El arco que estuvo situado hasta hace unos días en el centro de Leitza tiene una historia especial para Iñaki. «Hace unos meses supe que, con motivo de unas obras en la zona, el arco de piedra iba a ser trasladado. En aquel momento no sabía qué iban a hacer con él, pero durante las fiestas de este año hablé con el alcalde y le pregunté por el destino del arco. En un principio, en el consistorio no tenían un destino fijado. Entonces le propuse que se trasladara a nuestro museo y nuestra disposición a que durante dos años la visita al mismo fuera gratuita para los leitzarras», afirma Iñaki.
En el último pleno municipal, la propuesta de Perurena fue aceptada y esta misma semana se ha procedido a desmontar las piezas del arco para trasladarlo después a Peru-Harri.
«La empresa Mariezcurrena se encarga de las obras y fue la que desmontó las piezas del arco.
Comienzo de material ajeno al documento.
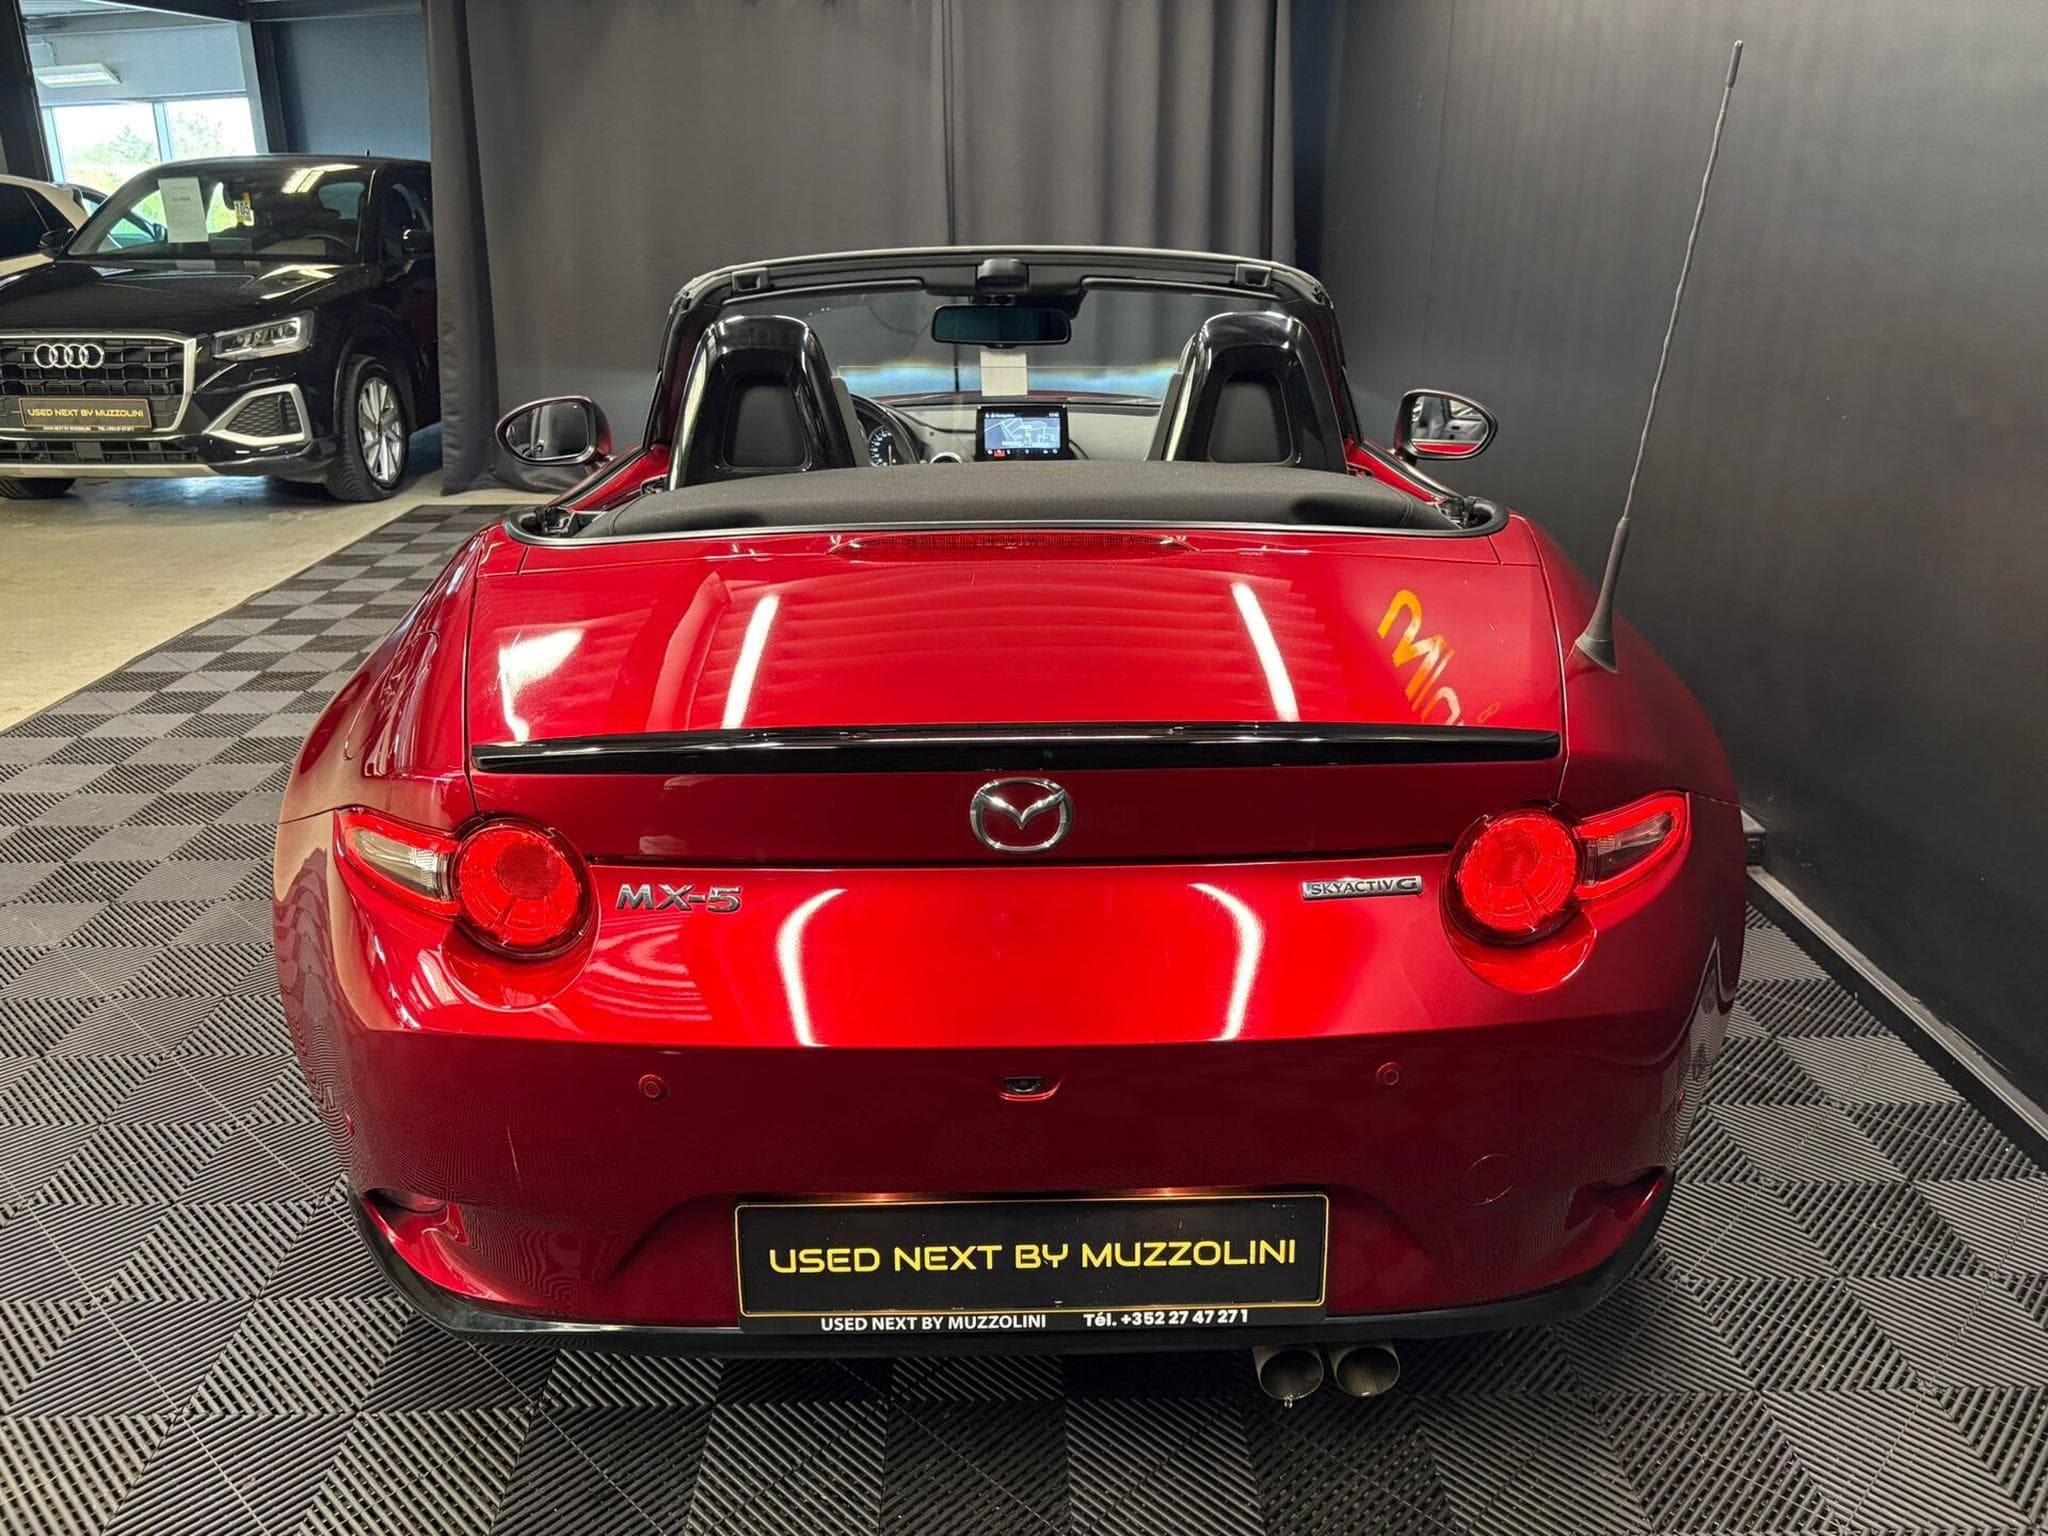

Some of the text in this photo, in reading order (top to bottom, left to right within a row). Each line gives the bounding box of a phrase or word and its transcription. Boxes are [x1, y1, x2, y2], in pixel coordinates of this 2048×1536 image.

En un principio se habló de desmontar todas las piedras del arco, pero al final, con la ayuda de una gran grúa se dividió en tres piezas», comenta Iñaki. Sólo la parte circular del arco «pesa unas 28,5 toneladas», señala Perurena, «pero con mucho cuidado y poco a poco logramos subirlo y colocarlo a la entrada del museo».
Al final, el arco se ha colocado como si de una puerta al museo se tratara.
El museo de Peru-Harri
En un marco incomparable, cerca de la carretera a Uitzi y a escasos metros de la vía verde del Plazaola, Iñaki Perurena lleva ya unos seis años construyendo y levantado un museo que ha querido dedicar y en el que ha recogido parte de su vida, la piedra. 35 de los 52 años que tiene en la actualidad Perurena los ha dedicado a su gran pasión, el levantamiento de las grandes moles y junto a él siempre han estado su mujer Maite, sus hijos, Maite, Xabi e Inaxio. Este además, como es sabido, ha seguido sus pasos en la práctica del duro deporte rural. Iñaki tiene ese poder, esa fuerza de transmitir su pasión y los suyos le siguen.
También lo han hecho este verano durante las visitas guiadas que se han organizado para conocer el museo Peru-Harri, Su mujer y su hija se han encargado de atender a todas aquellas personas que se han acercado a la explanada del caserío Gorritenea. En él, al aire libre se puede ver un conjunto de esculturas de diferentes tamaños y dimensiones. En lo más alto y presidiendo el museo, destaca la gigantesca figura dedicada a Pedro I, el mariscal navarro que Perurena siempre recuerda por sus logros. Además el visitante puede ver un menhir, diferentes formas megalíticas, un enorme brazo que emula el lanzamiento de una piedra o un dolmen, muy especial para Perurena, cubierto por una 'txapela' en recuerdo de su padre. La última pieza colocada por el harrijasotzaile, antes del verano, es una peculiar mano pintada de rojo junto a la que se puede leer palabras en euskera.